Thanks a lot! I REALLY appreciate your help! Don't worry about hurting my feelings, you're making me a better fish keeper!

Thanks
Never Quit


----------



## iamntbatman

If your water has any amount of KH (carbonate hardness) then it has some buffering capacity on its own (the higher the KH, the more buffering capacity the water has). If your pH is naturally above 7.6 it's probably already quite hard. I would get the pH and hardness of your tap water tested. The LFS should be able to do this for you.
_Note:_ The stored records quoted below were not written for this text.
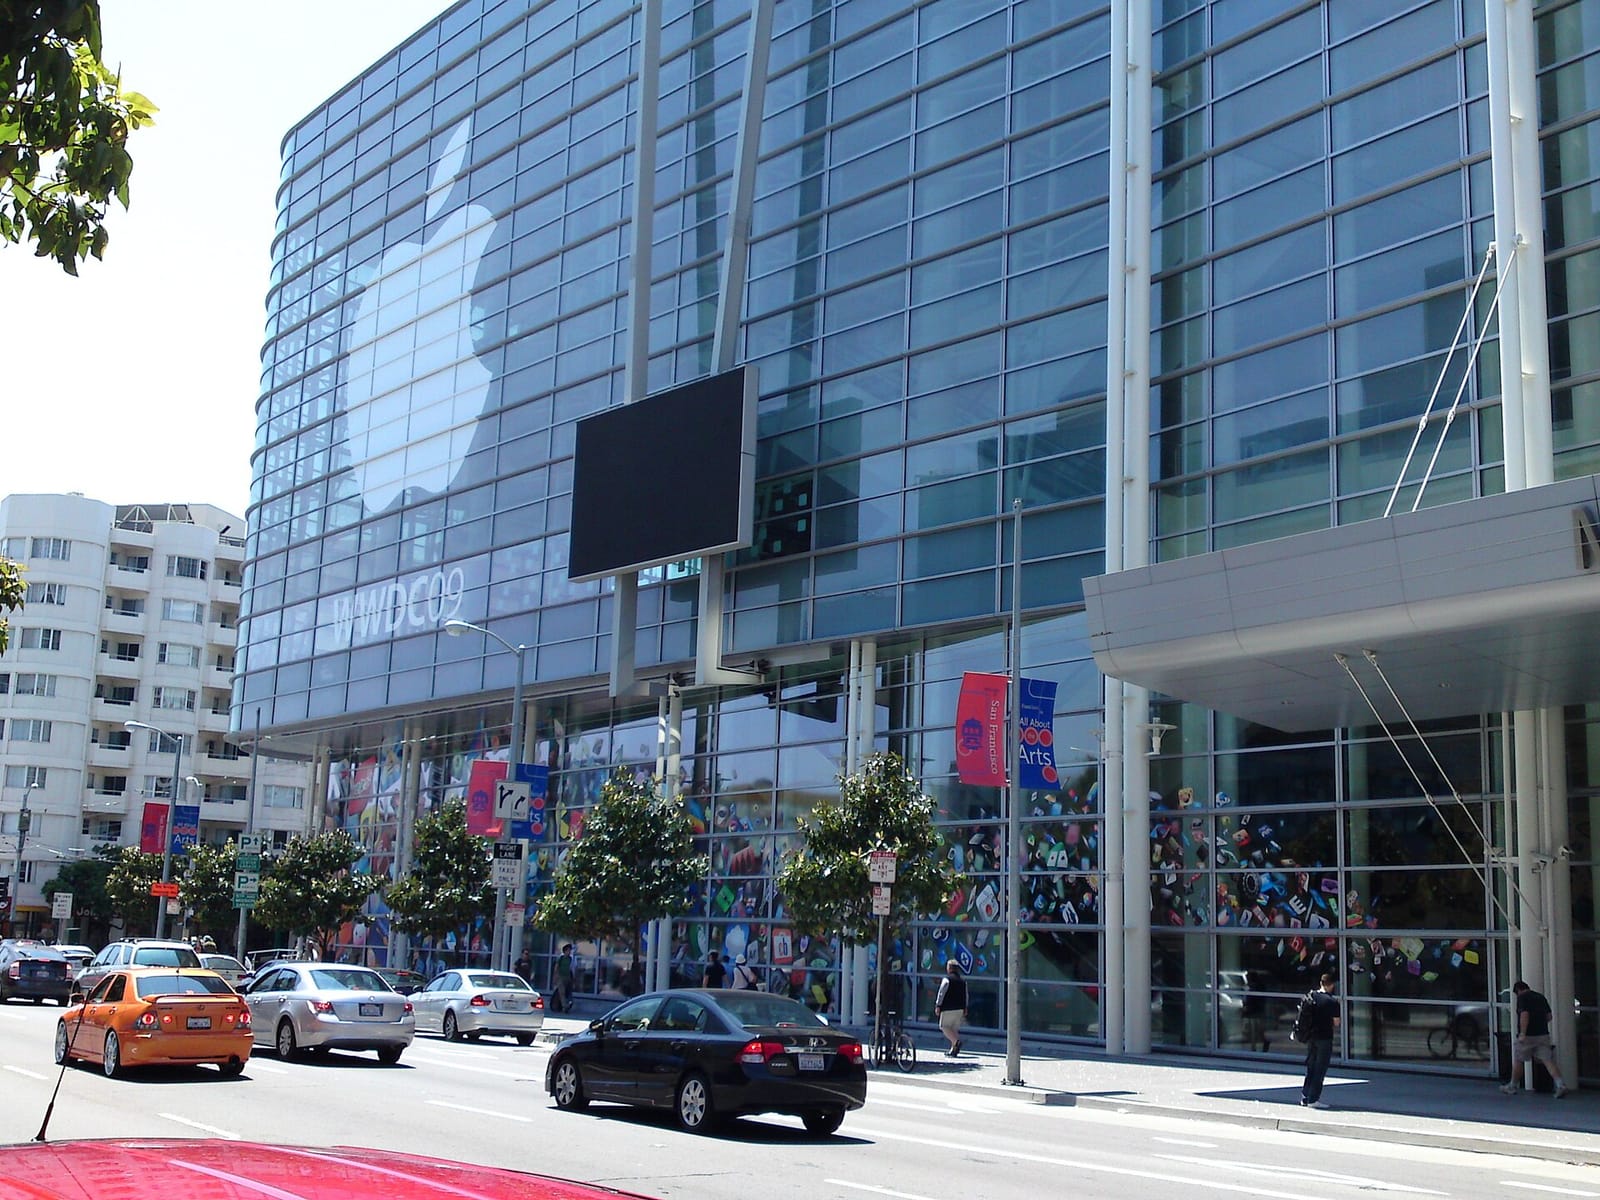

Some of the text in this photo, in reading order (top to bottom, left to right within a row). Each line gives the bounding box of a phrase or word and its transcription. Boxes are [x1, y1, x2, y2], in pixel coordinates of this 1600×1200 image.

[333, 567, 464, 646] WWDC09
[1030, 719, 1051, 728] About
[989, 700, 1000, 775] San Francisco
[1019, 744, 1052, 766] Arts
[241, 837, 251, 849] P
[238, 876, 248, 888] P
Just make sure they give you exact numbers and be sure they don't use paper test strips.


----------



## never quit

Okay, I can do that.....I'll let you know the results, then I'd like your recommendations.


----------



## never quit

Okay, took a sample of water to the fish store. Unfortunately, he only had the test strips....He said the KH was okay, and the ph was 6.4....When I ran the test using the wet method, I got a KH of 120 and a ph of 6.8. 
Tomorrow I'll do a 20% water change.......Do you recommend I use more buffer?

Thanks
Never Quit


----------



## Mikaila31

No don't use any more buffer. I have a pH of 7.6 out of tap and never have any issues with it. It is important to have a stable pH, buffers get used up and with your hard water you are fighting a loosing battle. This results in the pH doing a rollercoaster effect between 6.8 and 7.4pH. This stresses fish, they are not picky on their pH, but they do need the pH to be stable.


----------